La “solita” Germania sempre tra le big Löw: «Forte l’Italia»

Quando il gioco si fa duro i duri cominciano a giocare. Dopo le prime timidezze tre favorite come Belgio, Francia e Germania hanno timbrato il cartellino. Ma sono soprattutto i tedeschi a fare paura....
Quando il gioco si fa duro i duri cominciano a giocare. Dopo le prime timidezze tre favorite come Belgio, Francia e Germania hanno timbrato il cartellino. Ma sono soprattutto i tedeschi a fare paura. Il 3-0 (con un penalty sbagliato) alla Slovacchia di Hamsik ha mostrato la vera faccia delle Germania. Una squadra che in alcuni frangenti è tornata quella del 7-1 al Brasile di due anni fa a Rio e quella che contro l’Argentina ha conquistato il titolo mondiale.
E contro i panzer l’Italia di Conte dovrà confrontarsi sabato in una sfida che più classica non può essere. «Dobbiamo migliorare se vogliamo dire la nostra nel torneo. Non possiamo concedere spazi nella prossima gara e dovremo approfittare delle nostre occasioni visto che non ne avremo molte».
È il commento di Joachim Löw l’uomo che senza giacca e cravatta ha costruito questa Germania: pressing a tutto campo con giocatori di gamba e di qualità che pochi team in questa rassegna francese possono vantare.
«Ovviamente, come tutte le squadre, anche noi abbiamo avuto problemi nell’avvicinamento al torneo perché c’è molta tattica nella fase a gironi Con tutto il rispetto per i nostri avversari, la vittoria non significa che domineremo il torneo. L’Italia è incredibilmente forte in difesa e ha un buon attacco, come abbiamo visto in queste partite. È una delle favorite».
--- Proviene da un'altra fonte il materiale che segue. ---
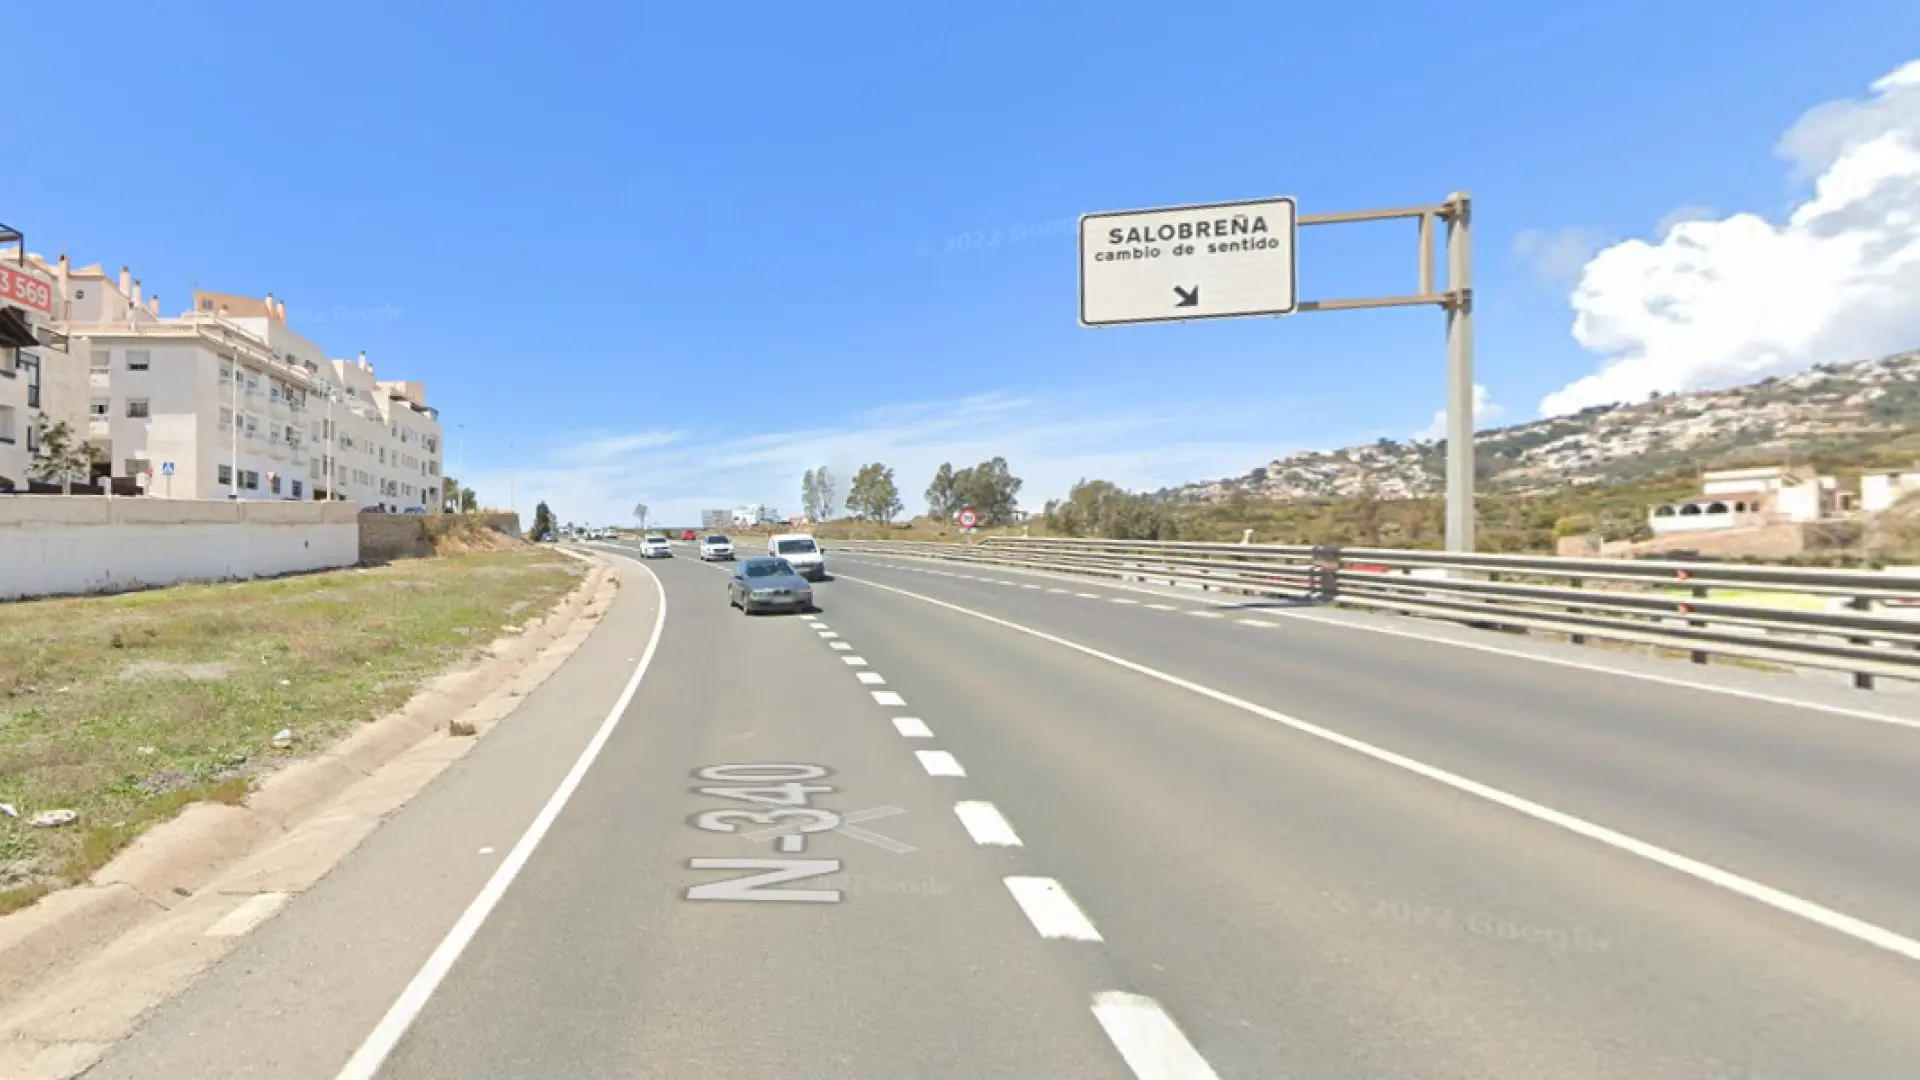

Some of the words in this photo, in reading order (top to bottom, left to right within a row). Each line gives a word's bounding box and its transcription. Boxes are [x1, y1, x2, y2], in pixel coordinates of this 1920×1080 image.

Meno convincente la vittoria della Francia che però ha saputo estrarre dal cilindro un Griezmann pronto e in forma a dispetto di un Pogba poco concentrato e a tratti irritante. Sofferto come non mai il successo sull’Irlanda passata in vantaggio ma legittimo. Ma i transalpini hanno dalla loro il pubblico, l’atmosfera e giocatori ancora poco utilizzati da Deschamps. Il centravanti Gignac su tutti.
E che dire del Belgio? La formazione di Wilmots ha passeggiato solo per il punteggio sull’Ungheria. In realtà ha sofferto fino a 20’ dalla fine per poi dilagare. Ma i belgi hanno talento da vendere specie davanti con Hazard e Mertens e un tabellone che spiana loro la strada verso la semifinale.
Il prologo è stato a dir poco tormentato, scivoloso, impervio. La sconfitta contro l’Italia, nell’esordio a Lione, ha acceso delle spie e sollevato vari interrogativi sull’effettiva capacità del ruvido Marc Wilmots di gestire il patrimonio calcistico belga. Una vera e propria generazione che, mai come adesso, ha prodotto fenomeni in quantità. E poi, quelle faide all’interno dello spogliatoio, quella perenne disputa tra fiamminghi e valloni, che rendeva la squadra disarticolata.
Uno spreco di talenti. «La sconfitta con l’Italia ci ha fatto bene - le parole del ct belga dopo il sonante 4-0 all’Ungheria - ci ha fatto capire i nostri errori e cosa non avremmo più dovuto fare». Ed ora la prospettiva è ben diversa: «Non abbiamo ancora vinto nulla ma sarebbe meraviglioso arrivare in finale e giocarsela contro la Germania». Già ma c’è anche l’Italia.